• How to complete this task: An exact, complete copy of the entries is needed, with the pictures left out.

• Recorded information:
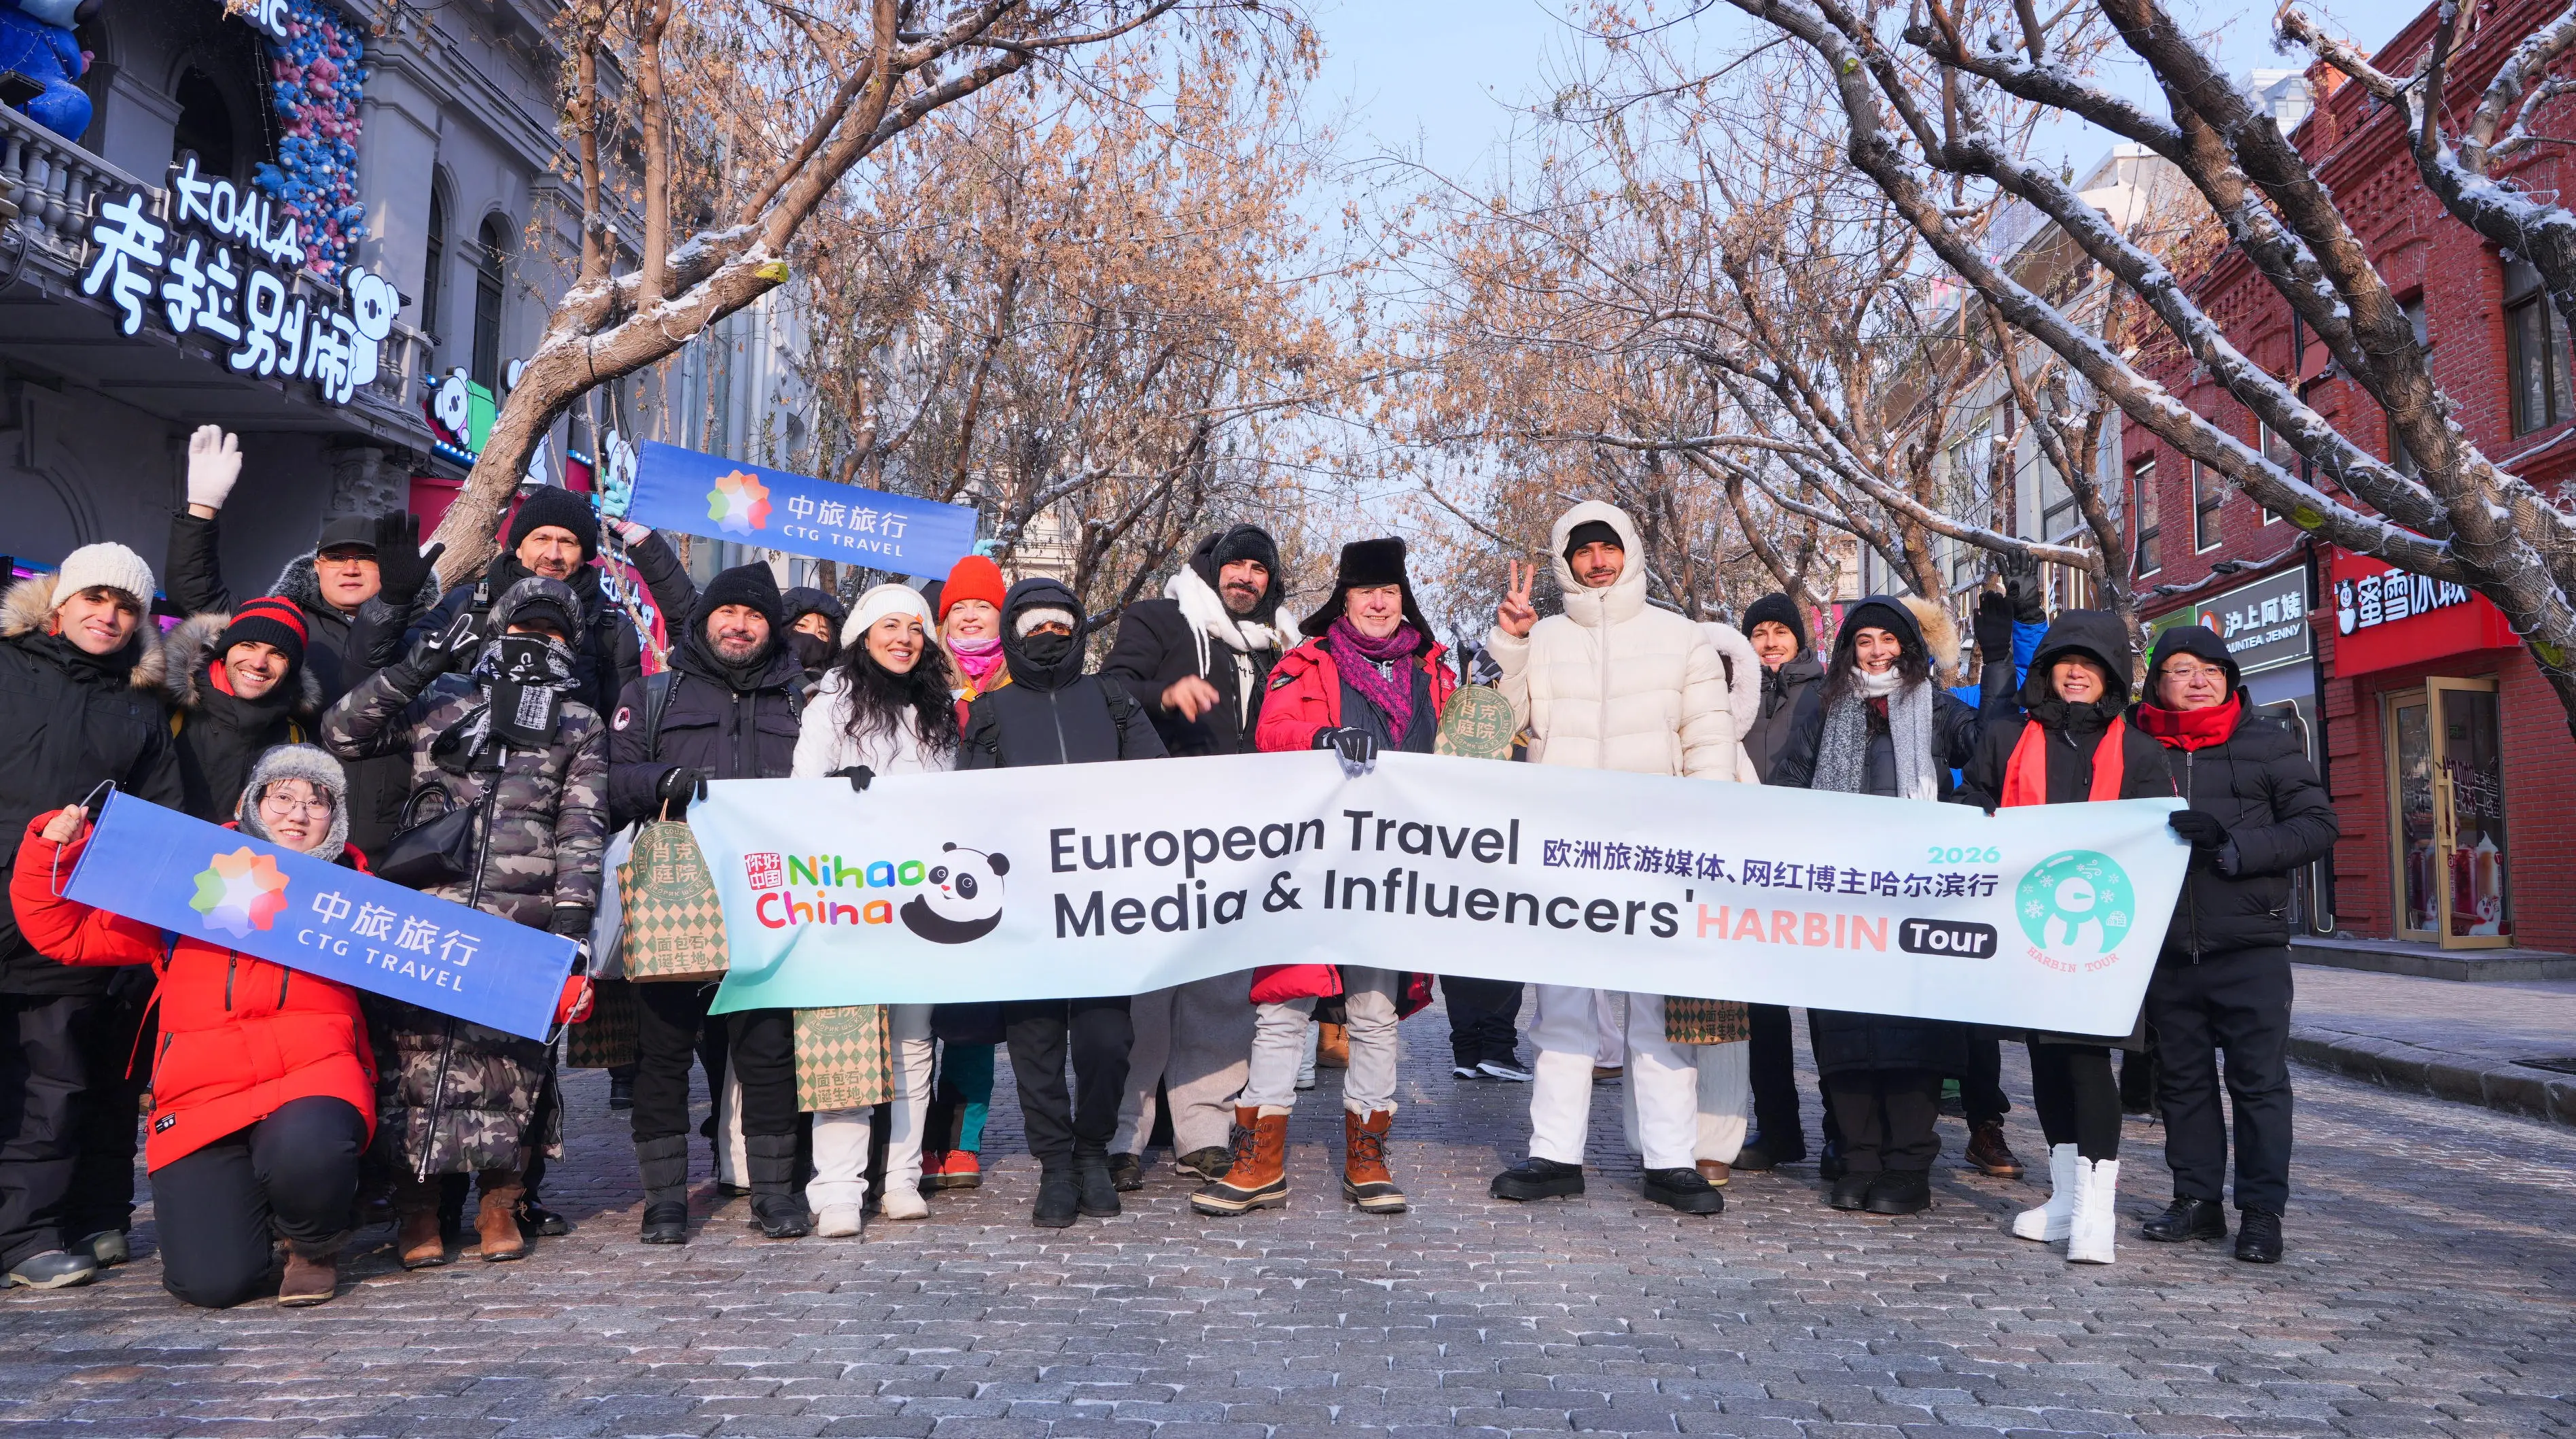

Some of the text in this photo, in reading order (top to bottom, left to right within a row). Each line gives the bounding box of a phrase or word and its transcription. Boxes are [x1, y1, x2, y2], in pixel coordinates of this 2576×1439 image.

[176, 158, 304, 264] KOALA
[84, 193, 357, 404] 考拉别闹
[787, 494, 908, 539] 中旅旅行
[783, 524, 904, 557] CTG TRAVEL
[2223, 591, 2301, 639] 沪上阿姨
[2225, 623, 2301, 653] AUNTEA JENNY
[1457, 719, 1496, 739] 庭院
[653, 842, 696, 863] 肖克
[1050, 809, 1519, 879] European Travel
[1929, 846, 2000, 864] 2026
[652, 864, 699, 884] 庭院
[745, 852, 781, 871] 你好
[788, 854, 926, 888] Nihao
[1543, 838, 1998, 898] 欧洲旅游媒体、网红博主哈尔滨行
[750, 871, 782, 890] 中国
[756, 890, 893, 929] China
[1054, 879, 1248, 939] Media
[1262, 871, 1303, 913] &
[1698, 904, 1888, 951] HARBIN
[1909, 923, 1988, 953] Tour
[312, 891, 481, 967] 中旅旅行
[657, 936, 707, 952] 面包石
[298, 929, 462, 992] CTG TRAVEL
[657, 952, 708, 969] 诞生地
[2026, 946, 2120, 973] HARBIN TOUR
[816, 1071, 860, 1088] 面包石
[817, 1087, 864, 1104] 诞生地
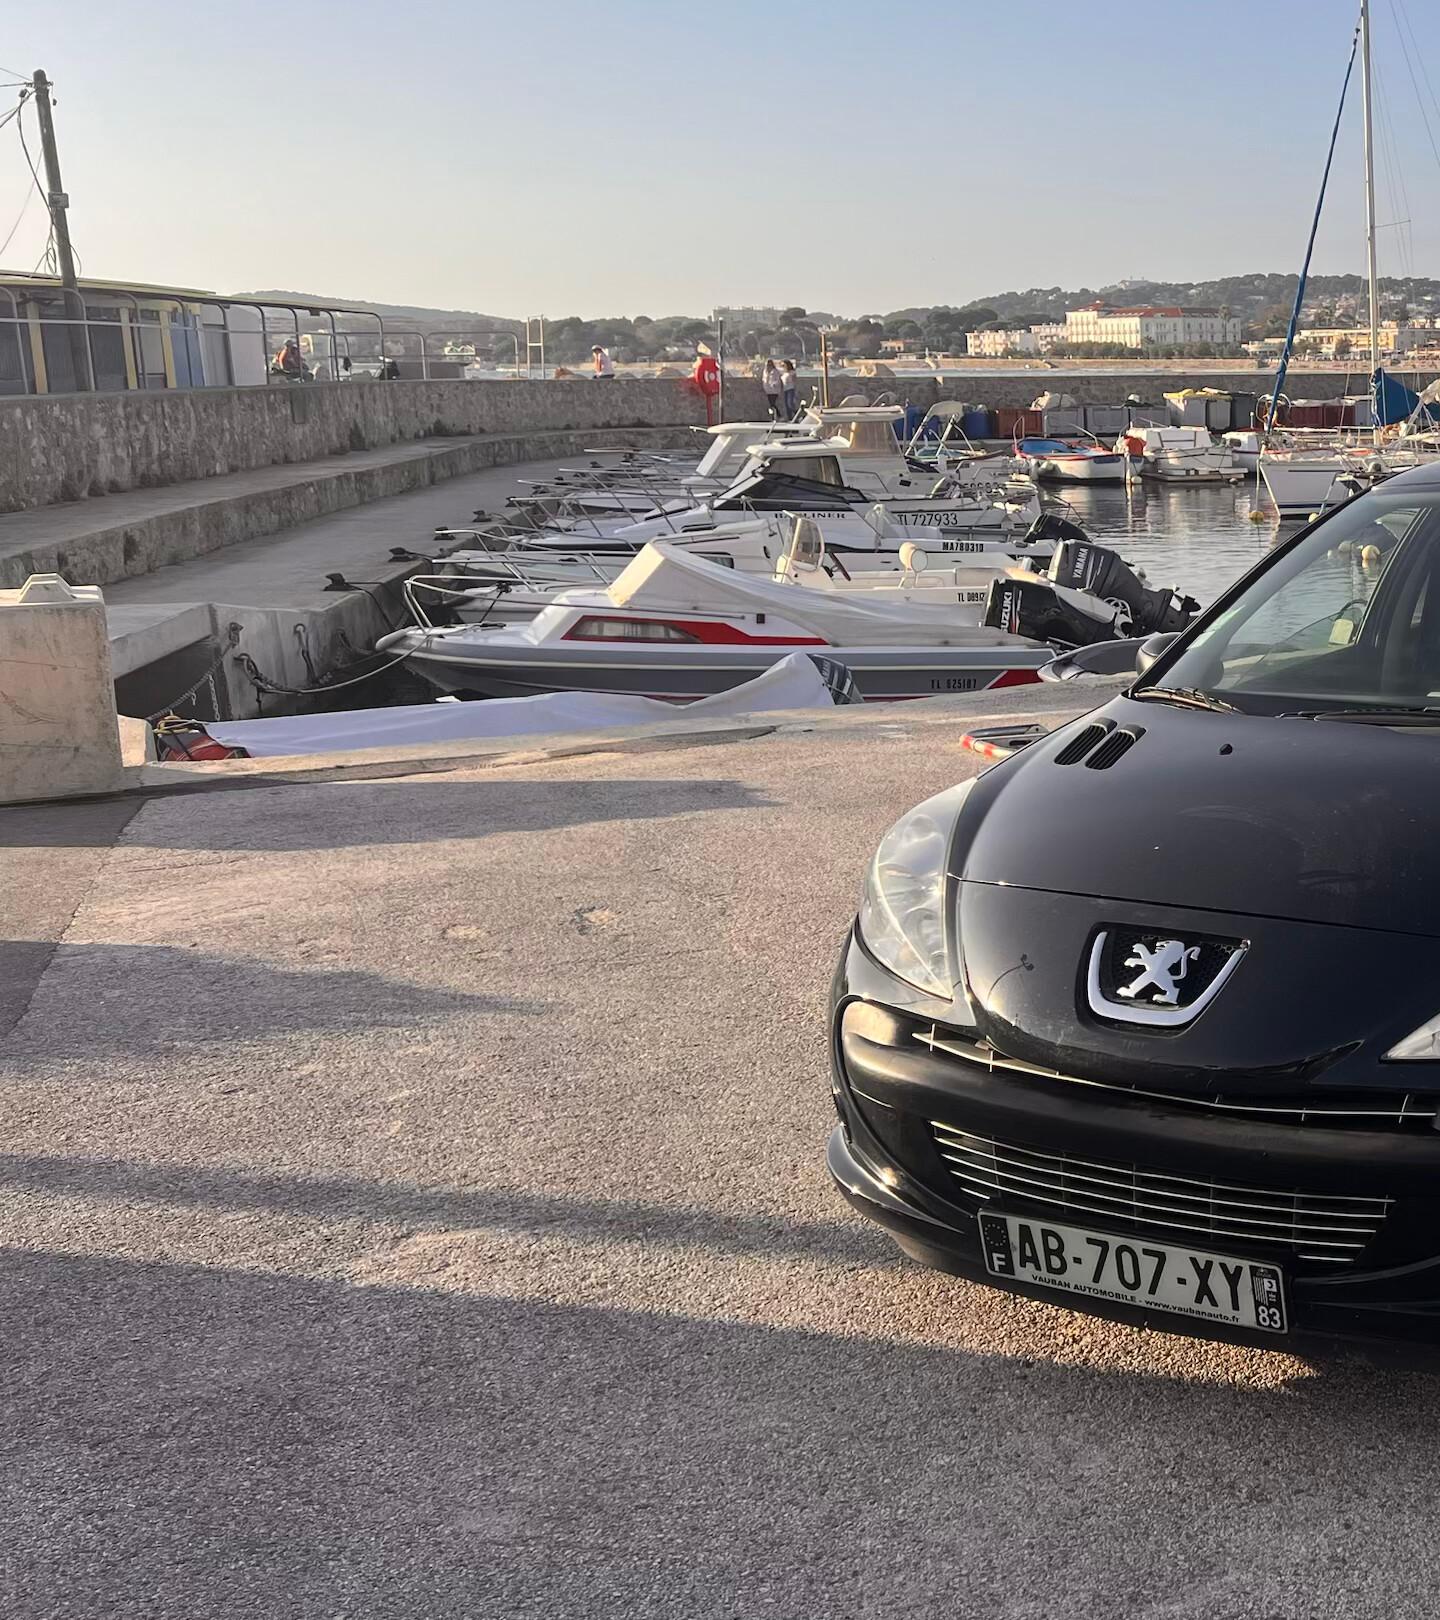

• Answer box:
Some of the text in this photo, in reading order (top to bottom, left to right within a row). Each line gives the bounding box of a phrase or word and its transcription. Boxes are [x1, y1, x2, y2], in pixel coordinates of this 2576×1439 image.

[176, 158, 304, 264] KOALA
[84, 193, 357, 404] 考拉别闹
[787, 494, 908, 539] 中旅旅行
[783, 524, 904, 557] CTG TRAVEL
[2223, 591, 2301, 639] 沪上阿姨
[2225, 623, 2301, 653] AUNTEA JENNY
[1457, 719, 1496, 739] 庭院
[653, 842, 696, 863] 肖克
[1050, 809, 1519, 879] European Travel
[1929, 846, 2000, 864] 2026
[652, 864, 699, 884] 庭院
[745, 852, 781, 871] 你好
[788, 854, 926, 888] Nihao
[1543, 838, 1998, 898] 欧洲旅游媒体、网红博主哈尔滨行
[750, 871, 782, 890] 中国
[756, 890, 893, 929] China
[1054, 879, 1248, 939] Media
[1262, 871, 1303, 913] &
[1698, 904, 1888, 951] HARBIN
[1909, 923, 1988, 953] Tour
[312, 891, 481, 967] 中旅旅行
[657, 936, 707, 952] 面包石
[298, 929, 462, 992] CTG TRAVEL
[657, 952, 708, 969] 诞生地
[2026, 946, 2120, 973] HARBIN TOUR
[816, 1071, 860, 1088] 面包石
[817, 1087, 864, 1104] 诞生地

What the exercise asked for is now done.